Offline Supply Chain

A primary challenge of isolated environments is the “circular dependency” of needing updates without having a route to get them.

  • Private Image Registry: I utilized Amazon ECR for all containerized workloads. By configuring the ecr-credential-provider on the RKE2 nodes, I enabled the Kubelet to rotate ECR tokens natively using the node’s IAM Instance Profile. This removed the need for static imagePullSecrets.
  • S3 for Package Management: Amazon Linux mirrors are hosted on S3. By implementing a Gateway Endpoint, the nodes pull OS updates directly from the AWS backbone.
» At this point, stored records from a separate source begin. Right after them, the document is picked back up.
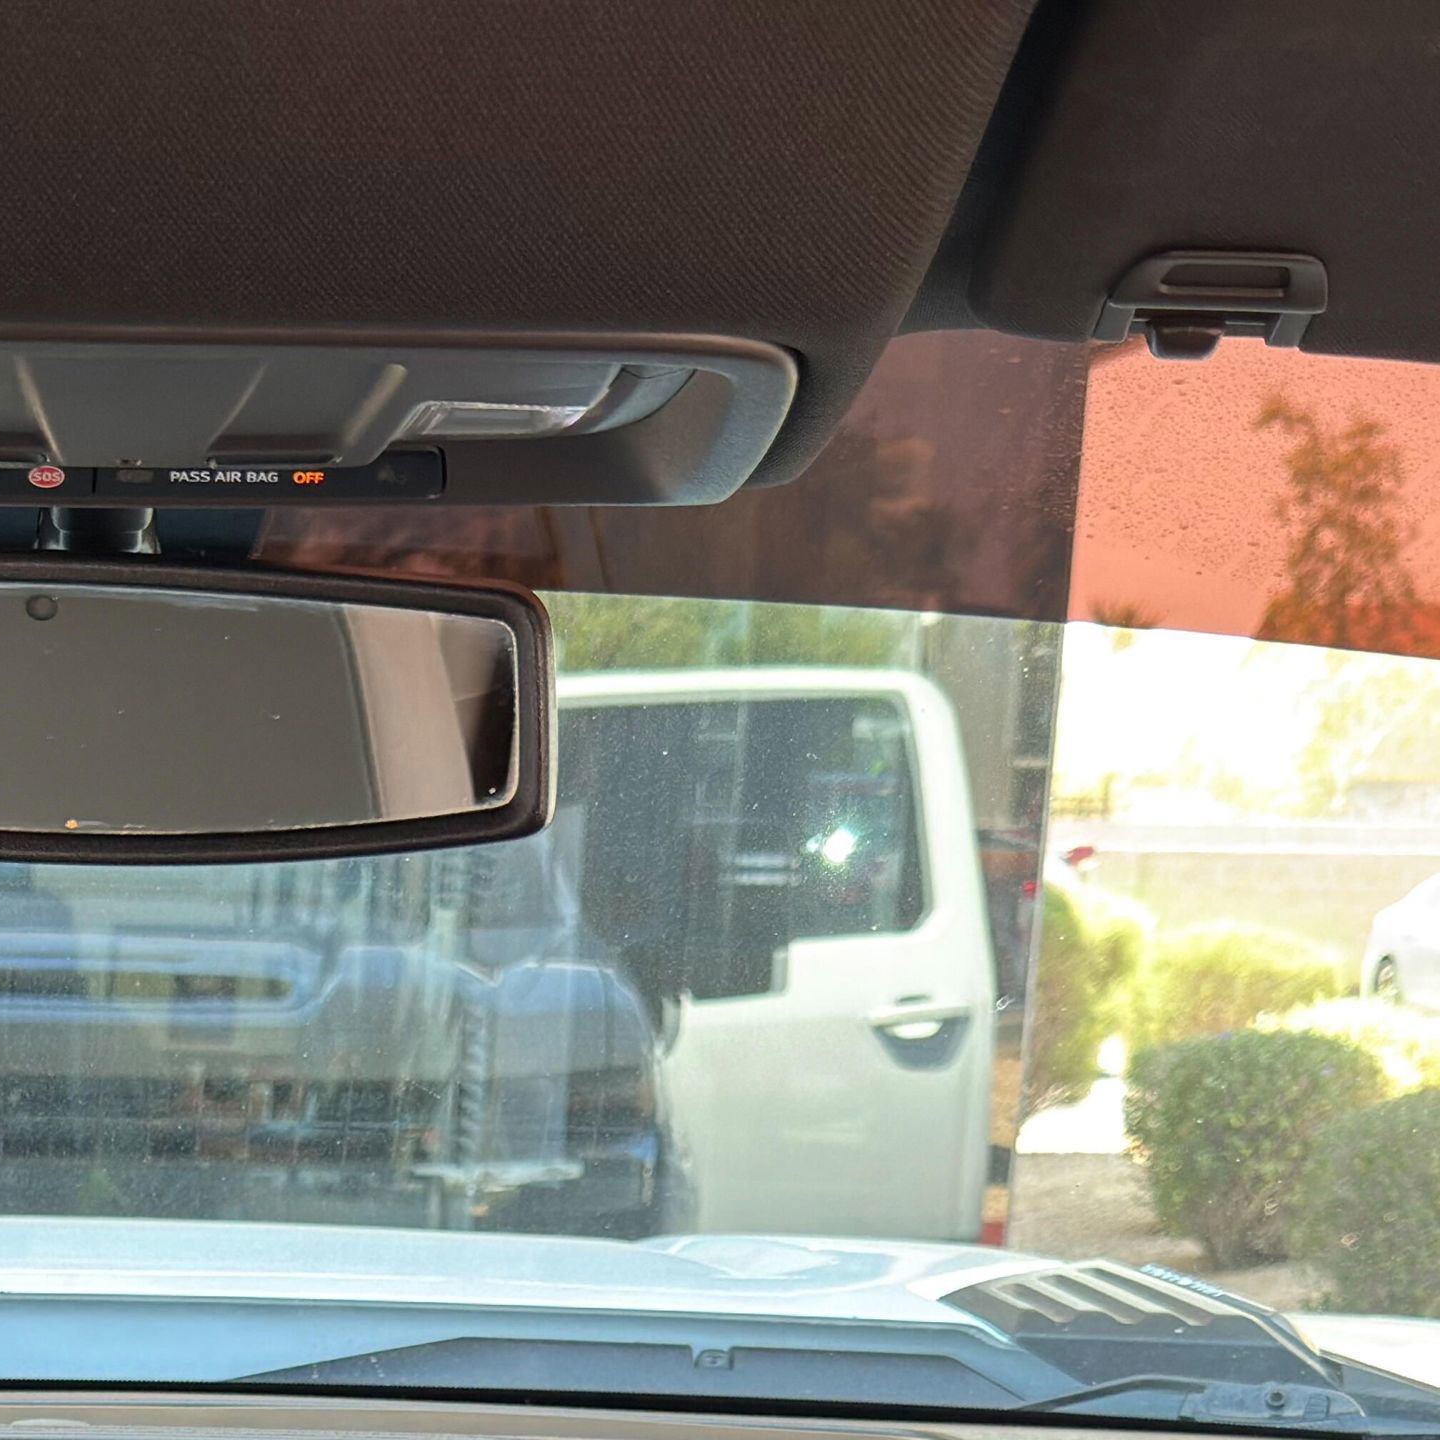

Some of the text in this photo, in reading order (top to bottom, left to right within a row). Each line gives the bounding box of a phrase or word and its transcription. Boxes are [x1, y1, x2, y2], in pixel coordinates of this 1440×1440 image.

[32, 470, 62, 483] SOS
[170, 471, 279, 483] PASS AIR BAG
[292, 471, 325, 484] OFF
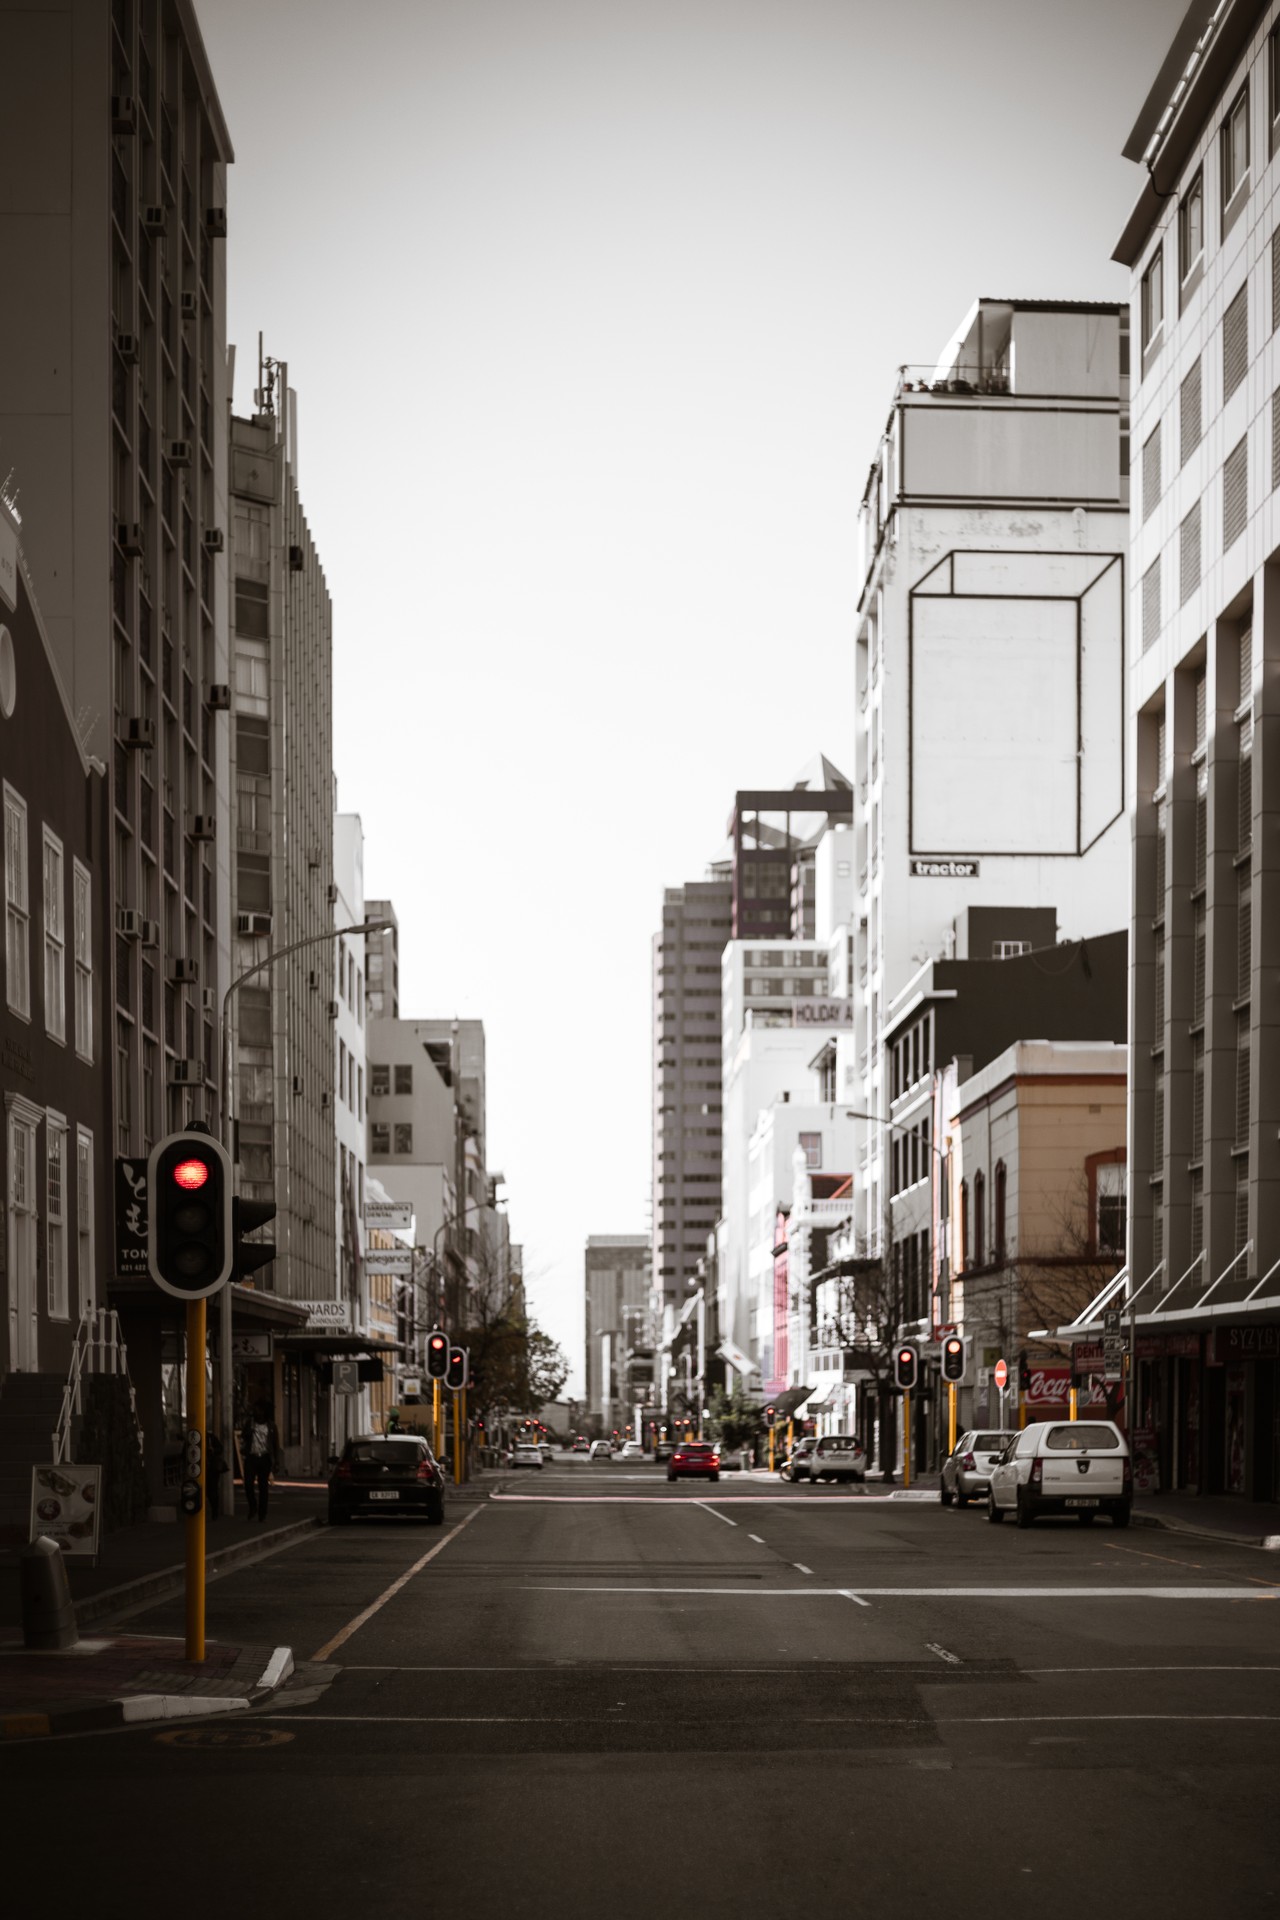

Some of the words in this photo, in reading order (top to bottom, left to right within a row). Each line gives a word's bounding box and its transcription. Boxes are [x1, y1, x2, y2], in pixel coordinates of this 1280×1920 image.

[916, 861, 973, 875] tractor
[797, 1004, 841, 1021] HOLIDAY
[366, 1254, 410, 1264] elegance
[1108, 1314, 1117, 1326] P
[1230, 1328, 1280, 1354] SYZYGY
[340, 1365, 351, 1378] P
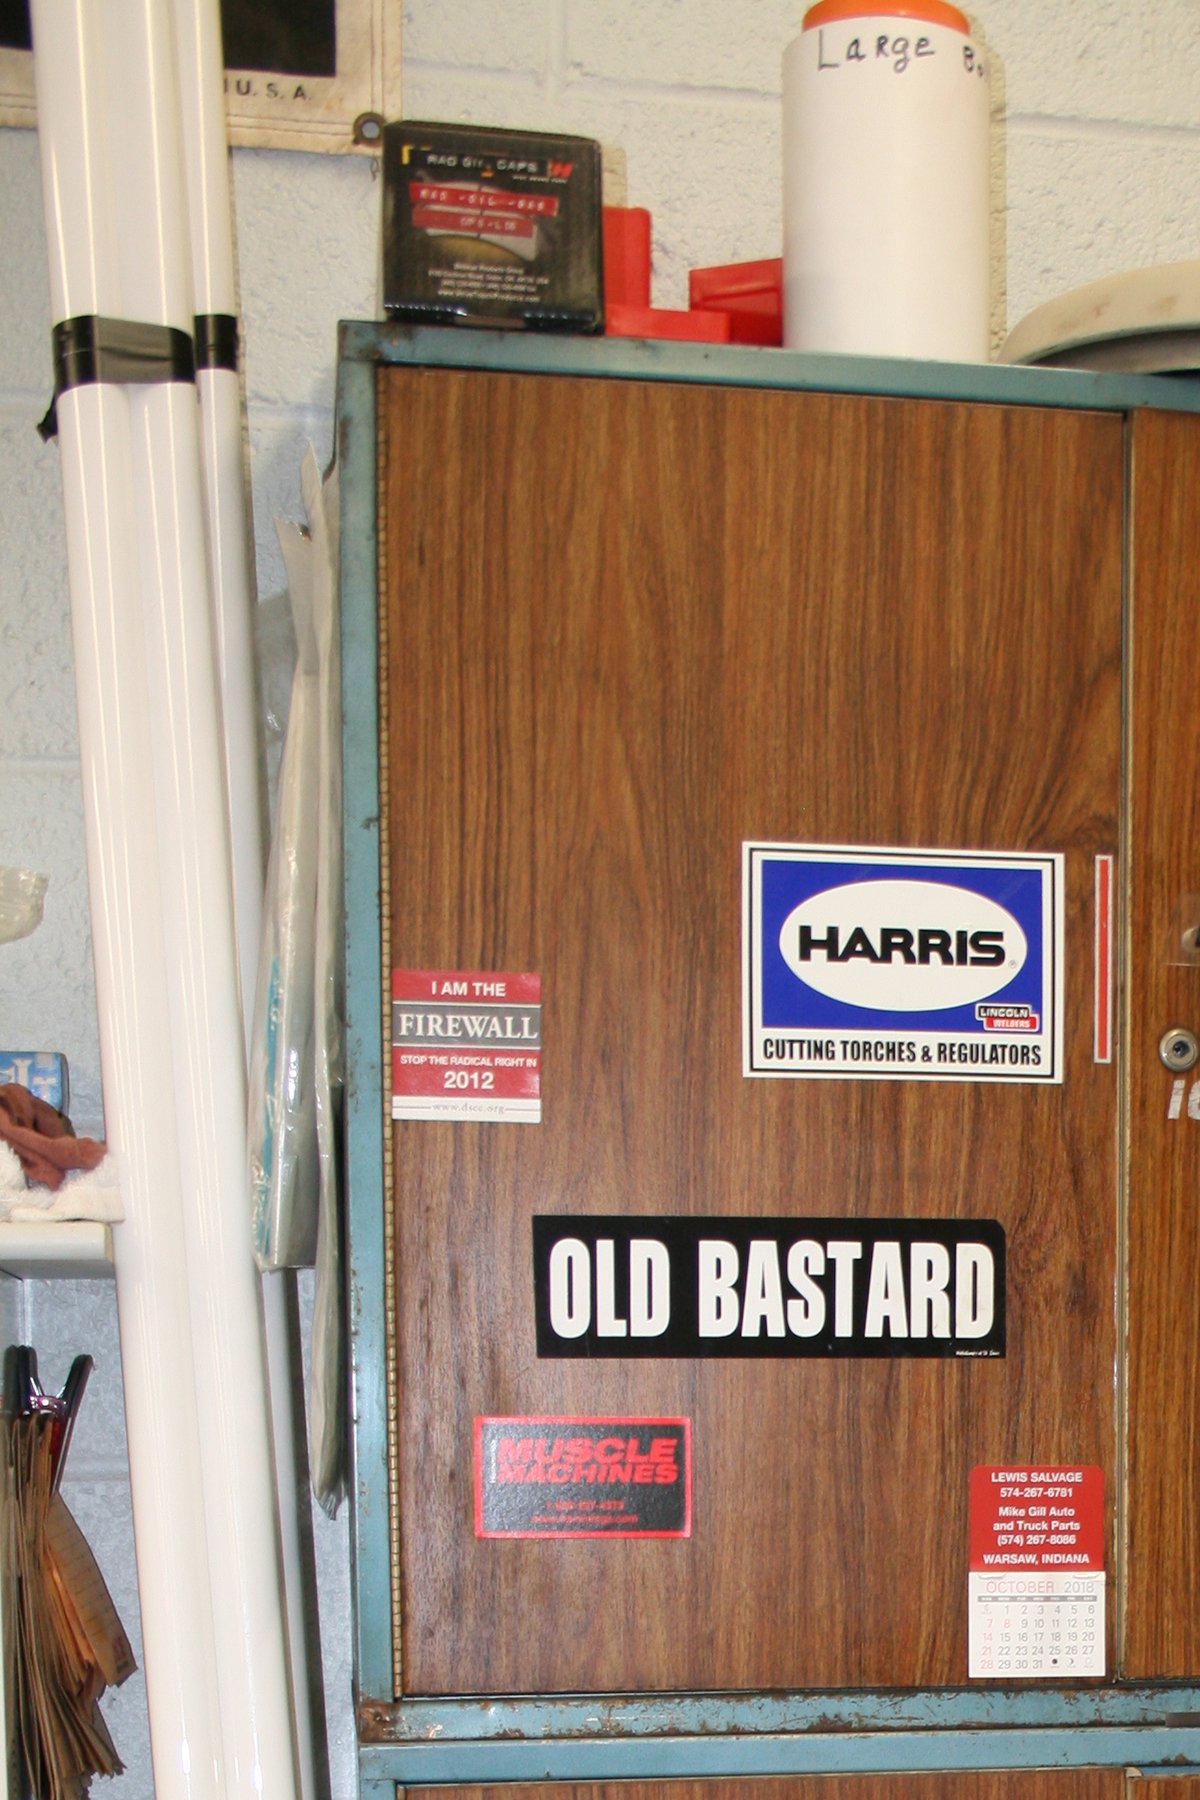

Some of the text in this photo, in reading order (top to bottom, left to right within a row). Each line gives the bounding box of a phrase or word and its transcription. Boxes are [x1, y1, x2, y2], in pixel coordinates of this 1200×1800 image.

This is both more secure and more cost-effective than using a NAT Gateway or Squid Proxy.

Multi AZ Resilience

To ensure the platform survives a total AZ failure, the architecture utilizes a multi-master RKE2 configuration across three AZs.

  • Internal NLB: A Network Load Balancer (NLB) serves as the stable entry point for both the Control Plane (TCP 6443) and the Agent Join API (TCP 9345).
  • Service Discovery: A Route53 CNAME points to the NLB. This ensures that as worker nodes scale or control plane nodes are cycled, the endpoint remains constant for the cluster members and the kubeconfig used by administrators.

Tradeoffs & Considerations

Architectural Cost vs. Security Posture

While a standard NAT Gateway architecture is simpler and initially cheaper, it introduces a centralized point of egress that increases the attack surface.

  • The Tradeoff: Utilizing VPC Interface Endpoints for every service (SSM, ECR, S3) significantly increases the fixed monthly cost per VPC.

  • The Justification: For restricted workloads, the “Cost of Breach” or “Cost of Non-Compliance” outweighs the AWS service premiums. This architecture achieves a Zero-Egress posture that meets the highest security benchmarks.

Load Balancer Topologies

I chose a Cross-AZ Internal NLB over a simpler NodePort or HostPort configuration.

  • The Tradeoff: NLBs introduce latency (minimal) and additional cost. It also requires more complex Target Group management for RKE2 control plane nodes.

  • The Justification: The NLB provides a stable, immutable entry point. In a senior-level production environment, the ability to cycle nodes without updating kubeconfig files or DNS records is mandatory for Platform Resiliency.

Alternatives Considered

ALTERNATIVEWHY IT WAS REJECTED
Self Hosted HarborWhile Harbor would eliminate the need for ECR VPC Endpoints, it introduces a “management tax”—requiring its own backup strategy, storage volumes, and high-availability logic. ECR with VPC Endpoints provides a serverless registry experience with higher 9s of availability.
Squid Proxy / NATA Squid Proxy requires constant maintenance of whitelist/blacklist rules and creates a bottleneck for cluster-wide pulls. The S3 Gateway Endpoint used here provides a direct, wire-speed path to OS updates without the proxy overhead.
Traditional Bastion HostBastion hosts require managing SSH keys and exposing Port 22 to the internet (even if IP-restricted). SSM Session Manager replaced this, providing identity-based access (IAM) and full session auditing without any open ports.